Default: Helm chart's appVersion

imagePullSecrets
List of Secrets that contain the required credentials to pull the image.
launcherEnabled
When set to true, the Helm chart creates the launch deployment. Enable this setting after you configure the scheduler options in the container.

Default: true

jvmOpts
Values to assign to the VKCONFIG_JVM_OPTS environment variable in the pods.
nameOverride
Controls the name of the objects that get created. This is combined with the Helm chart release to form the name.
nodeSelector
nodeSelector that controls where the pod is scheduled.
podAnnotations
Annotations that you want to attach to the pods.
podSecurityContext
Security context for the pods.
replicaCount
Number of launch pods that the chart deploys.

Default: 1

resources
Host resources to use for the pod.
securityContext
Security context for the container in the pod.
serviceAccount.annotations
Annotations to attach to the ServiceAccount.
serviceAccount.create
When set to true, a ServiceAccount is created as part of the deployment.

Default: true

serviceAccount.name
Name of the service accountt. If this parameter is not set and serviceAccount.create is set to true, a name is generated using the fullname template.
timezone
Manages the timezone of the logger. As logging employs log4j, ensure you use a Java-friendly timezone ID. For details, see this Oracle documentation.

Default: UTC

tls.enabled
When set to true, the scheduler is set up for TLS authentication.

Default: false

tls.keyStoreMountPath
Directory name where the keystore is mounted in the pod. This setting controls the name of the keystore within the pod.

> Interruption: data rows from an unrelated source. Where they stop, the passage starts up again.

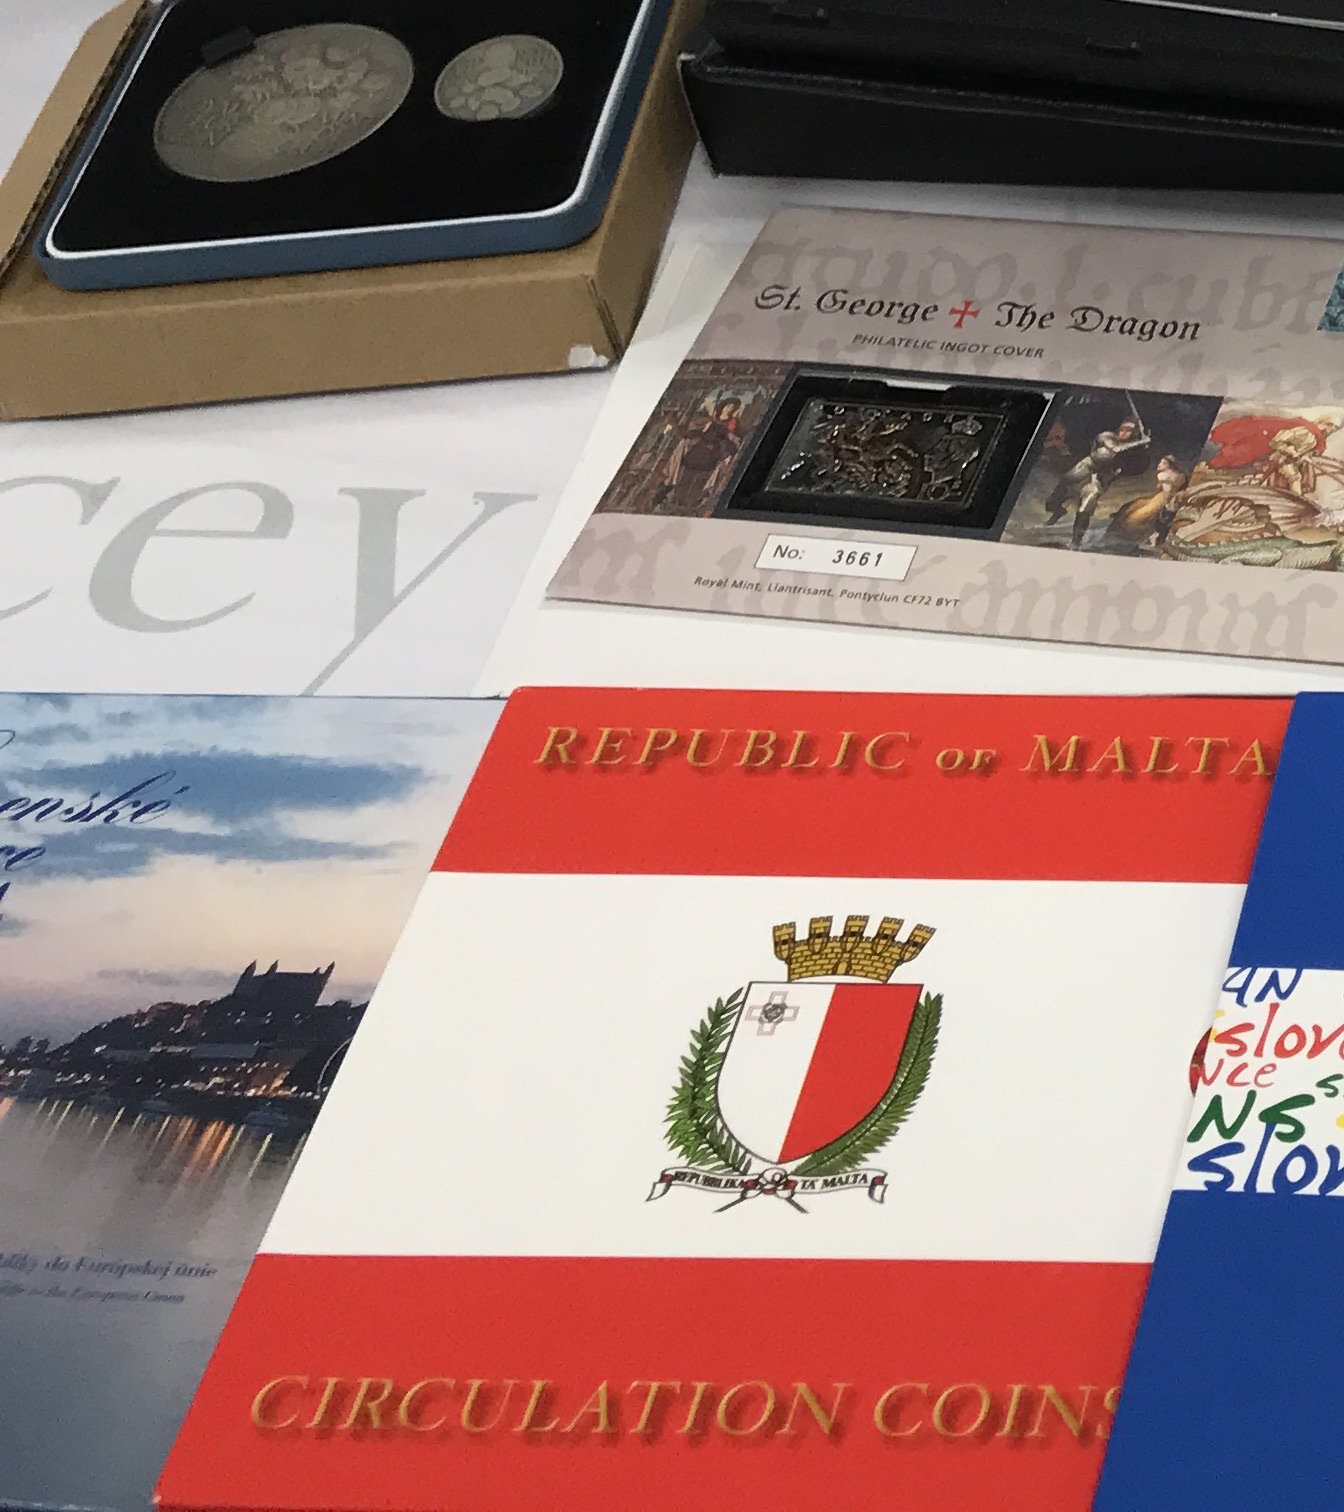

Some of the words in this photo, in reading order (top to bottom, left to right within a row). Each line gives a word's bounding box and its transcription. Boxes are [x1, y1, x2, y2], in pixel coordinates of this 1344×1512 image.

[754, 284, 802, 312] St.
[815, 287, 940, 325] George
[994, 301, 1056, 333] The
[1066, 304, 1202, 343] Dragon
[852, 333, 936, 352] PHILATELIC
[939, 340, 990, 356] INGOT
[993, 345, 1045, 359] COVER
[831, 550, 884, 569] 3661
[694, 575, 728, 590] Royal
[839, 586, 899, 605] Pontyclun
[903, 593, 932, 607] CF72
[533, 724, 911, 774] REPUBLIC
[1021, 734, 1275, 778] MALTA
[821, 1173, 868, 1190] MALTA
[249, 1374, 857, 1439] CIRCULATION

The full path to the keystore is constructed by combining this parameter and tls.keyStoreSecretKey.
tls.keyStorePassword
Password that protects the keystore. If this setting is omitted, then no password is used.
tls.keyStoreSecretKey
Key within tls.keyStoreSecretName that is used as the keystore file name. This setting and tls.keyStoreMountPath form the full path to the key in the pod.
tls.keyStoreSecretName
Name of an existing Secret that contains the keystore. If this setting is omitted, no keystore information is included.
tls.trustStoreMountPath
Directory name where the truststore is mounted in the pod. This setting controls the name of the truststore within the pod. The full path to the truststore is constructed by combining this parameter with tls.trustStoreSecretKey.
tls.trustStorePassword
Password that protects the truststore. If this setting is omitted, then no password is used.
tls.trustStoreSecretKey
Key within tls.trustStoreSecretName that is used as the truststore file name. This is used with tls.trustStoreMountPath to form the full path to the key in the pod.
tls.trustStoreSecretName
Name of an existing Secret that contains the truststore. If this setting is omitted, then no truststore information is included.